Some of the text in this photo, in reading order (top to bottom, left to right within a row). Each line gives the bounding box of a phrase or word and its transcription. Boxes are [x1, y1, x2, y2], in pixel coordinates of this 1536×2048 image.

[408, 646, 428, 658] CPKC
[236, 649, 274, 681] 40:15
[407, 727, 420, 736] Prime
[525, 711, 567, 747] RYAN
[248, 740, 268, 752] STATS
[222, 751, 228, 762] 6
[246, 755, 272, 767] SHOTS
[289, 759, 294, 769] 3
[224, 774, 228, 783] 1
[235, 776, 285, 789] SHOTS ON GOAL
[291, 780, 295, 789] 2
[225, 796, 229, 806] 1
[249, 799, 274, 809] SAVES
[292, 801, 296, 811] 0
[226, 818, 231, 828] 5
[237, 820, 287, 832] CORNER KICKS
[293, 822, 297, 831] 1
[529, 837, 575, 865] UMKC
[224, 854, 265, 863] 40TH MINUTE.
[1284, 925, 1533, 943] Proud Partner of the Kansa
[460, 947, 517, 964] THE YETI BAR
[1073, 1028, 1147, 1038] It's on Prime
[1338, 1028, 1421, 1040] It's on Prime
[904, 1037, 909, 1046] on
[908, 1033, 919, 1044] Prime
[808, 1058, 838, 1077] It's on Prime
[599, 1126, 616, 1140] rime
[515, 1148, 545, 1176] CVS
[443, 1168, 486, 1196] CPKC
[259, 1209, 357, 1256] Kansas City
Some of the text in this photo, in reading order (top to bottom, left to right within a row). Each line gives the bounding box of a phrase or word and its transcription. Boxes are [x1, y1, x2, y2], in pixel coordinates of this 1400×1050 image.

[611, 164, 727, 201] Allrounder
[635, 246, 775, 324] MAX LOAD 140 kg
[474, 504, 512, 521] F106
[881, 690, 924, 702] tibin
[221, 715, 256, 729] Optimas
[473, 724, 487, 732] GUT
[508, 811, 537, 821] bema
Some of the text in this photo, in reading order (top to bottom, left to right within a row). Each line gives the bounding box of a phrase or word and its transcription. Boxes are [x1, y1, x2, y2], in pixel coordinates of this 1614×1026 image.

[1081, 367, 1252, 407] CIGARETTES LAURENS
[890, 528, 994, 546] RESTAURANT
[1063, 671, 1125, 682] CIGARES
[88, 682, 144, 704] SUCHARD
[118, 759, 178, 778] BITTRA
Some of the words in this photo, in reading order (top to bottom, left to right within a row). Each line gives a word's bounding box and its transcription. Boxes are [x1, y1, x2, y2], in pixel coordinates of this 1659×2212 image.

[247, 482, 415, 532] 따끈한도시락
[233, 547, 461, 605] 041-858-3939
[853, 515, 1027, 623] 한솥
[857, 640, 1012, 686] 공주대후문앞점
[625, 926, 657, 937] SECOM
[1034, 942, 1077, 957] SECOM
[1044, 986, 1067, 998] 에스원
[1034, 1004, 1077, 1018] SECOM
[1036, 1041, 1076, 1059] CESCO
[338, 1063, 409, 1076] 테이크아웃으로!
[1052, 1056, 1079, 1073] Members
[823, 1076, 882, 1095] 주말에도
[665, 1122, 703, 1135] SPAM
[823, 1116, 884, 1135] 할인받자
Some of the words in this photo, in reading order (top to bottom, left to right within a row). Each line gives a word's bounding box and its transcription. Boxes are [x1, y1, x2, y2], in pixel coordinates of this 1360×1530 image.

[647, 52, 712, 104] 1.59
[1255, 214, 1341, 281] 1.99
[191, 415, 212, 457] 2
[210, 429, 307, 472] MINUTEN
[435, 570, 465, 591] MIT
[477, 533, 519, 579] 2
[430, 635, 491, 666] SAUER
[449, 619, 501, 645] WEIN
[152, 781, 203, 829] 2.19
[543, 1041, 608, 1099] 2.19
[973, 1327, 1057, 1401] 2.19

———

§ Task statement
Transcribe every line of the records, keeping each one exact.

§ Solution
Some of the text in this photo, in reading order (top to bottom, left to right within a row). Each line gives the bounding box of a phrase or word and its transcription. Boxes are [x1, y1, x2, y2], in pixel coordinates of this 1536×2048 image.

[408, 646, 428, 658] CPKC
[236, 649, 274, 681] 40:15
[407, 727, 420, 736] Prime
[525, 711, 567, 747] RYAN
[248, 740, 268, 752] STATS
[222, 751, 228, 762] 6
[246, 755, 272, 767] SHOTS
[289, 759, 294, 769] 3
[224, 774, 228, 783] 1
[235, 776, 285, 789] SHOTS ON GOAL
[291, 780, 295, 789] 2
[225, 796, 229, 806] 1
[249, 799, 274, 809] SAVES
[292, 801, 296, 811] 0
[226, 818, 231, 828] 5
[237, 820, 287, 832] CORNER KICKS
[293, 822, 297, 831] 1
[529, 837, 575, 865] UMKC
[224, 854, 265, 863] 40TH MINUTE.
[1284, 925, 1533, 943] Proud Partner of the Kansa
[460, 947, 517, 964] THE YETI BAR
[1073, 1028, 1147, 1038] It's on Prime
[1338, 1028, 1421, 1040] It's on Prime
[904, 1037, 909, 1046] on
[908, 1033, 919, 1044] Prime
[808, 1058, 838, 1077] It's on Prime
[599, 1126, 616, 1140] rime
[515, 1148, 545, 1176] CVS
[443, 1168, 486, 1196] CPKC
[259, 1209, 357, 1256] Kansas City
Some of the text in this photo, in reading order (top to bottom, left to right within a row). Each line gives the bounding box of a phrase or word and its transcription. Boxes are [x1, y1, x2, y2], in pixel coordinates of this 1400×1050 image.

[611, 164, 727, 201] Allrounder
[635, 246, 775, 324] MAX LOAD 140 kg
[474, 504, 512, 521] F106
[881, 690, 924, 702] tibin
[221, 715, 256, 729] Optimas
[473, 724, 487, 732] GUT
[508, 811, 537, 821] bema
Some of the text in this photo, in reading order (top to bottom, left to right within a row). Each line gives the bounding box of a phrase or word and its transcription. Boxes are [x1, y1, x2, y2], in pixel coordinates of this 1614×1026 image.

[1081, 367, 1252, 407] CIGARETTES LAURENS
[890, 528, 994, 546] RESTAURANT
[1063, 671, 1125, 682] CIGARES
[88, 682, 144, 704] SUCHARD
[118, 759, 178, 778] BITTRA
Some of the words in this photo, in reading order (top to bottom, left to right within a row). Each line gives a word's bounding box and its transcription. Boxes are [x1, y1, x2, y2], in pixel coordinates of this 1659×2212 image.

[247, 482, 415, 532] 따끈한도시락
[233, 547, 461, 605] 041-858-3939
[853, 515, 1027, 623] 한솥
[857, 640, 1012, 686] 공주대후문앞점
[625, 926, 657, 937] SECOM
[1034, 942, 1077, 957] SECOM
[1044, 986, 1067, 998] 에스원
[1034, 1004, 1077, 1018] SECOM
[1036, 1041, 1076, 1059] CESCO
[338, 1063, 409, 1076] 테이크아웃으로!
[1052, 1056, 1079, 1073] Members
[823, 1076, 882, 1095] 주말에도
[665, 1122, 703, 1135] SPAM
[823, 1116, 884, 1135] 할인받자
Some of the words in this photo, in reading order (top to bottom, left to right within a row). Each line gives a word's bounding box and its transcription. Boxes are [x1, y1, x2, y2], in pixel coordinates of this 1360×1530 image.

[647, 52, 712, 104] 1.59
[1255, 214, 1341, 281] 1.99
[191, 415, 212, 457] 2
[210, 429, 307, 472] MINUTEN
[435, 570, 465, 591] MIT
[477, 533, 519, 579] 2
[430, 635, 491, 666] SAUER
[449, 619, 501, 645] WEIN
[152, 781, 203, 829] 2.19
[543, 1041, 608, 1099] 2.19
[973, 1327, 1057, 1401] 2.19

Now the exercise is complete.